Jacqueline Farid
A Usiminas está em fase de recuperação após o tombo provocado pela crise internacional e se prepara para fornecer produtos de aço adequados aos projetos do pré-sal. Mas só vai retomar o investimento de US$ 5,7 bilhões em nova usina de placas, suspenso em meio às turbulências, quando houver certeza de uma recuperação sustentável da demanda.
"Não temos pressa, precisamos ter sinais muito evidentes de que a demanda terá um crescimento sustentável para retomar essa usina", disse hoje o assessor da vice-presidência da empresa, Gilson Bentes.
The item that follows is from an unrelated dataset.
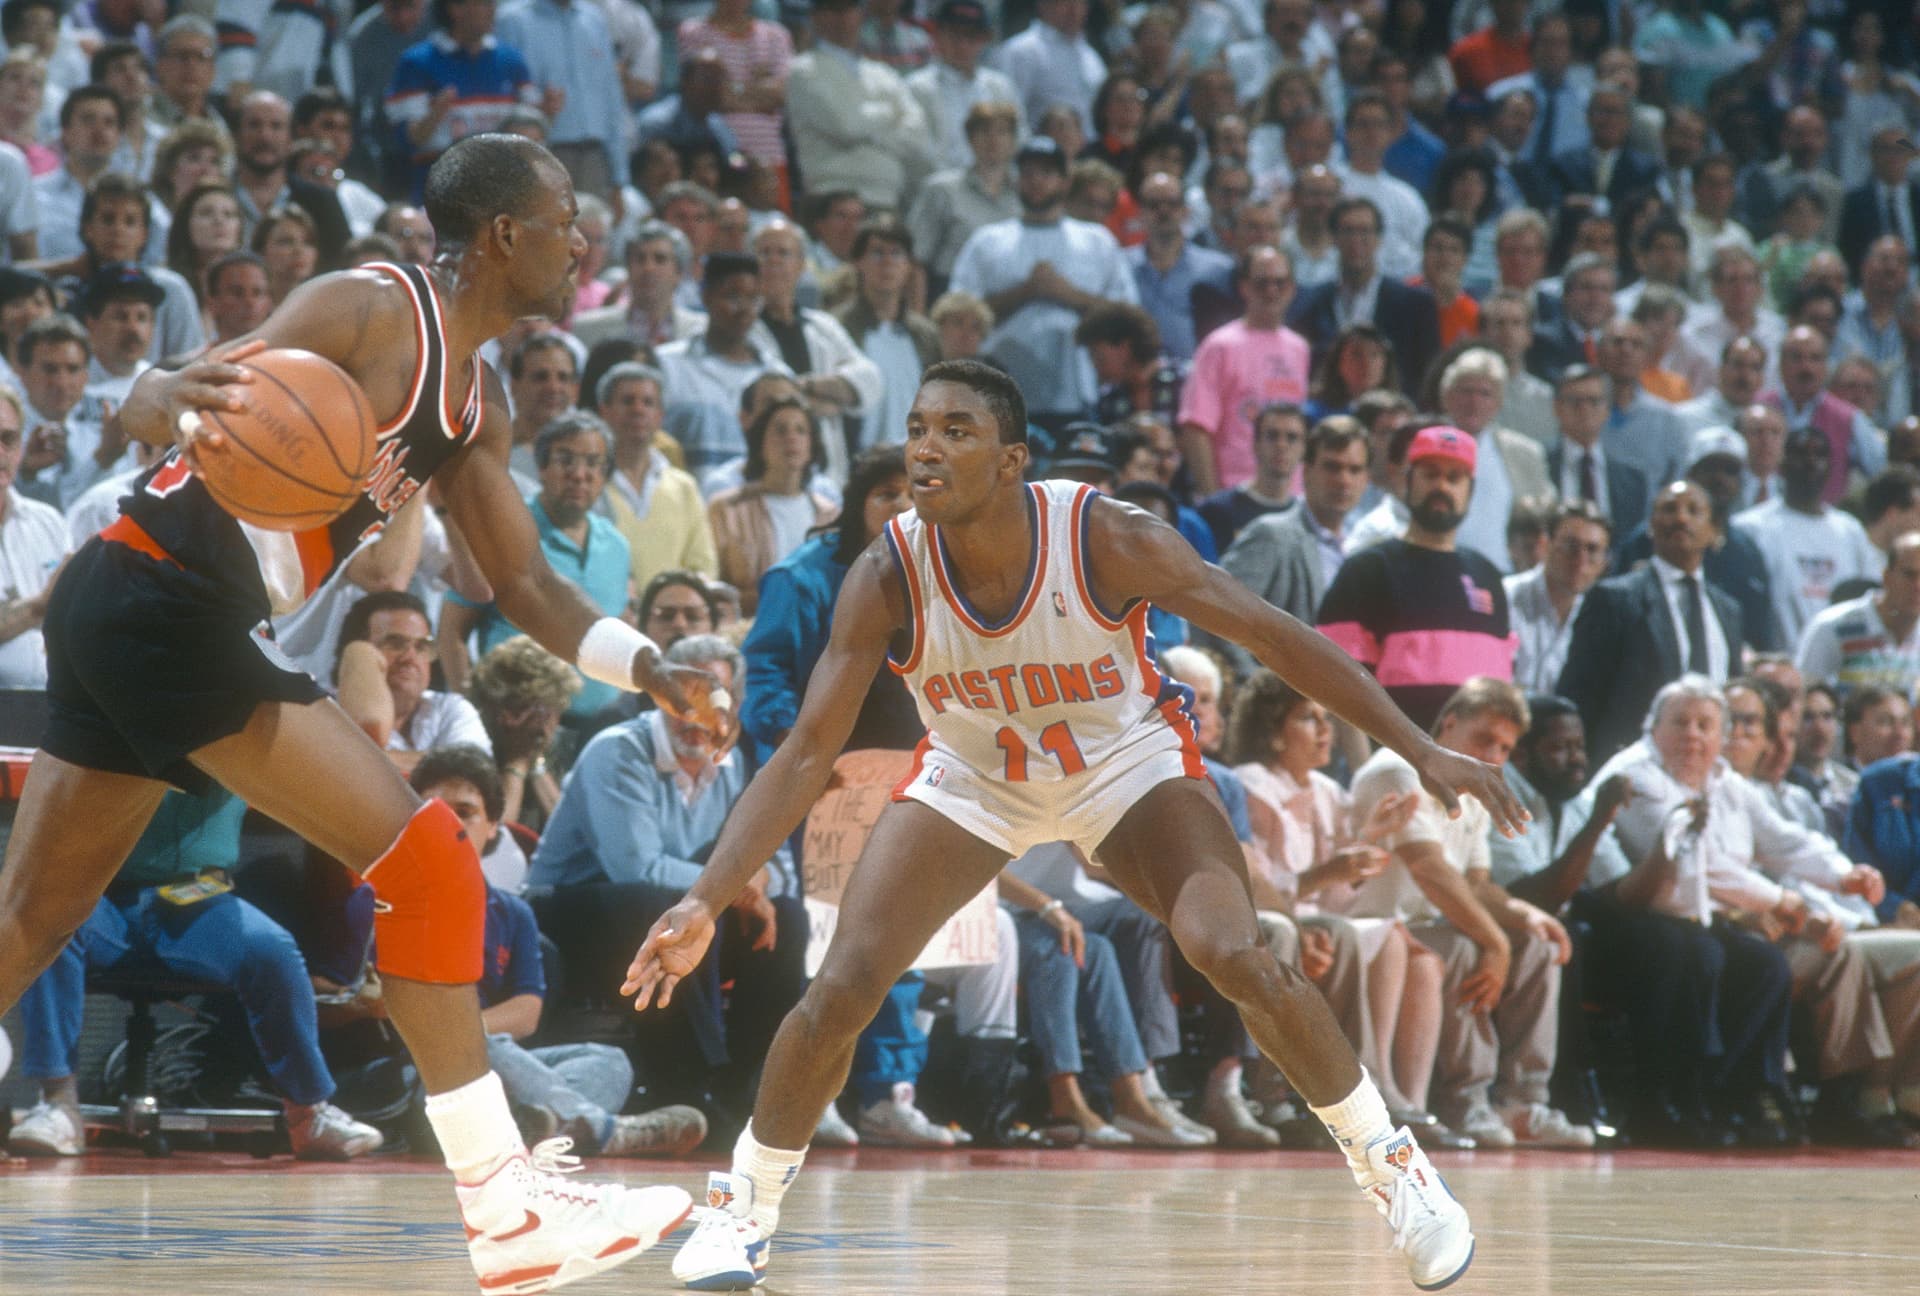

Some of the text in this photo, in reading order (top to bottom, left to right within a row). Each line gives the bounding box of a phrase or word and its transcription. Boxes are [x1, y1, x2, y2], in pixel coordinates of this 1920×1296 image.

[923, 653, 1125, 715] PISTONS
[996, 719, 1087, 782] 11
[804, 863, 843, 893] BUT
Para ele, a demanda pelos produtos siderúrgicos no mundo só retornará aos altos patamares do primeiro semestre do ano passado em 2012.
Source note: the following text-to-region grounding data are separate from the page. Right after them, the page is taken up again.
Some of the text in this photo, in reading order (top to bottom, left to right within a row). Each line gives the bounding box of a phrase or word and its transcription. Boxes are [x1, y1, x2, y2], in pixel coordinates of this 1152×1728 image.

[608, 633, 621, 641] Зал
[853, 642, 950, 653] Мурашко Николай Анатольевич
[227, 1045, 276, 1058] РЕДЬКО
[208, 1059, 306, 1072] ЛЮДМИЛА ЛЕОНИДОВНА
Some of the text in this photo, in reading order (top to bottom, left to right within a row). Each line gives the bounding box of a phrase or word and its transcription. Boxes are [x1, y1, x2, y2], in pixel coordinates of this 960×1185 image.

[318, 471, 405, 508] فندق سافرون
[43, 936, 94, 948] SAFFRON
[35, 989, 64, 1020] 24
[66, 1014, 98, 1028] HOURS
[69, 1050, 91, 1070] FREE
O projeto da usina, que será instalada em Santana do Paraíso (MG) fora anunciado pela empresa em julho de 2008. O objetivo era iniciar as obras este ano e começar a produção já no primeiro semestre de 2010. O projeto irá aumentar em 52% a capacidade da maior produtora de aços planos do País, passando a 14,5 milhões de toneladas por ano.
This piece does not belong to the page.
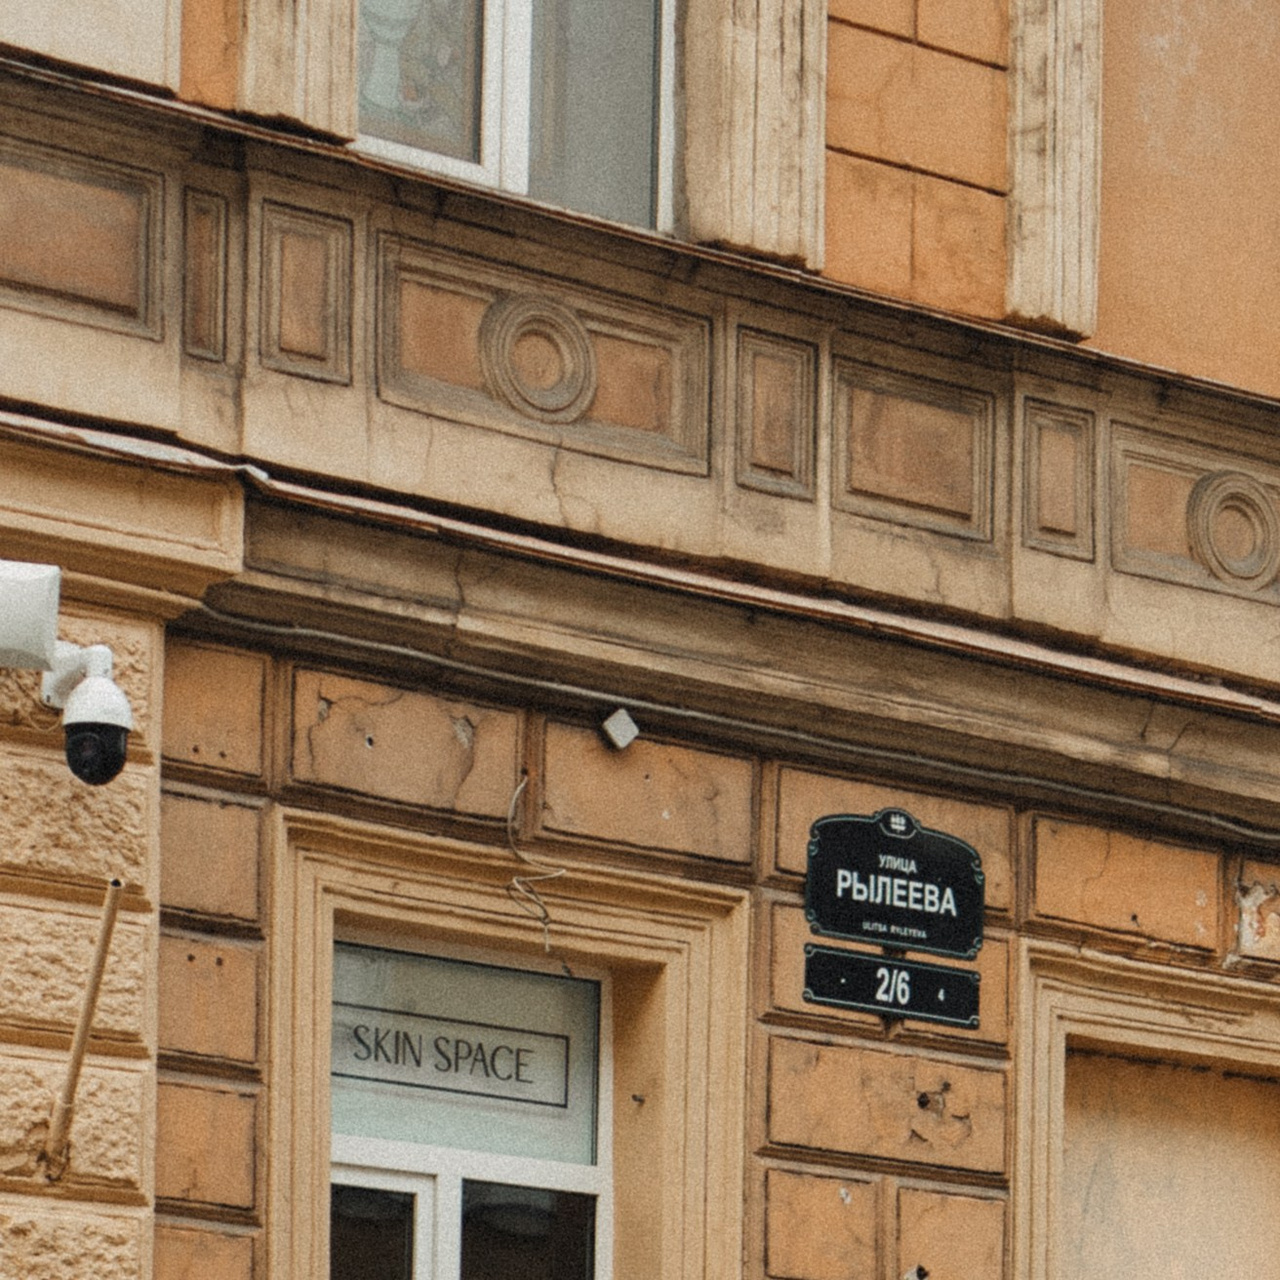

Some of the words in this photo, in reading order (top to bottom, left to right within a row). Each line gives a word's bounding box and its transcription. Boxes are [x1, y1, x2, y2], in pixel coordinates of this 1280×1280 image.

Embora o principal projeto da empresa permaneça suspenso - "adiado, mas não cancelado", segundo Bentes - outros projetos prosseguem em andamento, como uma nova coqueria e uma nova linha de galvanização, além de uma nova central termelétrica. Segundo o executivo, que participou hoje de reunião com analistas de mercado na Associação dos Analistas e Profissionais de Investimento do Mercado de Capitais (Apimec), a empresa vai investir R$ 2,3 bilhões em 2009 e R$ 3 bilhões no ano que vem em novos projetos.
Bentes disse que a reação da empresa já teve início no segundo trimestre, prossegue nesta reta final do ano e a perspectiva é de recuperação do nível de utilização da capacidade, que chegou a cair para um patamar de 40% no auge da crise e deverá terminar 2009 já na faixa de 75% a 80%. Enquanto aguarda uma plena retomada do consumo de aço no mercado externo e doméstico, a Usiminas está se preparando para atender a demanda dos projetos do pré-sal, segundo explicou Bentes.
Segundo ele, o atual investimento de R$ 1,05 bilhão da empresa na linha de chapas grossas, que significará um incremento de 1,35 milhão de toneladas ao ano desse produto, "vai possibilitar à empresa atender aos requisitos do pré-sal". Ele explicou que a Usiminas Mecânica também está se preparando para o pré-sal e para a expansão da indústria naval no País. Na avaliação de Bentes, a realização da Copa do Mundo em 2014 e da Olimpíada em 2016 "vão trazer muitas perspectivas para os produtores de aço, já que a carência em infraestrutura "é muito grande".